* [Given data]:
========================================================================
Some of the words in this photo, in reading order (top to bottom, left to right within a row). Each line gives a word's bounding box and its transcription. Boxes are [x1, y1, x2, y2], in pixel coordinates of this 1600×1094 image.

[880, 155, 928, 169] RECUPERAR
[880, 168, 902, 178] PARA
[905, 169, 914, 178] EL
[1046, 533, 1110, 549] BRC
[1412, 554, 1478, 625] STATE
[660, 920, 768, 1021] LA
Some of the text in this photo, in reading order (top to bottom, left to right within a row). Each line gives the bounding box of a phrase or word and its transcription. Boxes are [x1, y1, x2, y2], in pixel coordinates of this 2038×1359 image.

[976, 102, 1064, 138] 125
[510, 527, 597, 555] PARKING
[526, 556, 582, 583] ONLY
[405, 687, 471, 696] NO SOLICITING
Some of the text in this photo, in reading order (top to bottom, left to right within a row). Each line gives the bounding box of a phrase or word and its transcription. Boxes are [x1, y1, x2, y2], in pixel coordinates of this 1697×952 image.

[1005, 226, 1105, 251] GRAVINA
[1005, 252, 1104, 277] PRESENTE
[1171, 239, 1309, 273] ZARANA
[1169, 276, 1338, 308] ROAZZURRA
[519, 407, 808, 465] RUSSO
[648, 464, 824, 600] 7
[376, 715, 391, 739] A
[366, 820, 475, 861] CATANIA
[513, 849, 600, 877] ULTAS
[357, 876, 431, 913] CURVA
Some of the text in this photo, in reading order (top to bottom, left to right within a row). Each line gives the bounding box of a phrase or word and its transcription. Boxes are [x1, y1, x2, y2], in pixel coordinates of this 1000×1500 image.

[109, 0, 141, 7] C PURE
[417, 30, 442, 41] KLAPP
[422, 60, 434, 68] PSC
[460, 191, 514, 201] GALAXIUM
========================================================================
* [Activity]:
Repeat the listing in full, keeping every line exactly as it is.

* [Response to this exercise]:
Some of the words in this photo, in reading order (top to bottom, left to right within a row). Each line gives a word's bounding box and its transcription. Boxes are [x1, y1, x2, y2], in pixel coordinates of this 1600×1094 image.

[880, 155, 928, 169] RECUPERAR
[880, 168, 902, 178] PARA
[905, 169, 914, 178] EL
[1046, 533, 1110, 549] BRC
[1412, 554, 1478, 625] STATE
[660, 920, 768, 1021] LA
Some of the text in this photo, in reading order (top to bottom, left to right within a row). Each line gives the bounding box of a phrase or word and its transcription. Boxes are [x1, y1, x2, y2], in pixel coordinates of this 2038×1359 image.

[976, 102, 1064, 138] 125
[510, 527, 597, 555] PARKING
[526, 556, 582, 583] ONLY
[405, 687, 471, 696] NO SOLICITING
Some of the text in this photo, in reading order (top to bottom, left to right within a row). Each line gives the bounding box of a phrase or word and its transcription. Boxes are [x1, y1, x2, y2], in pixel coordinates of this 1697×952 image.

[1005, 226, 1105, 251] GRAVINA
[1005, 252, 1104, 277] PRESENTE
[1171, 239, 1309, 273] ZARANA
[1169, 276, 1338, 308] ROAZZURRA
[519, 407, 808, 465] RUSSO
[648, 464, 824, 600] 7
[376, 715, 391, 739] A
[366, 820, 475, 861] CATANIA
[513, 849, 600, 877] ULTAS
[357, 876, 431, 913] CURVA
Some of the text in this photo, in reading order (top to bottom, left to right within a row). Each line gives the bounding box of a phrase or word and its transcription. Boxes are [x1, y1, x2, y2], in pixel coordinates of this 1000×1500 image.

[109, 0, 141, 7] C PURE
[417, 30, 442, 41] KLAPP
[422, 60, 434, 68] PSC
[460, 191, 514, 201] GALAXIUM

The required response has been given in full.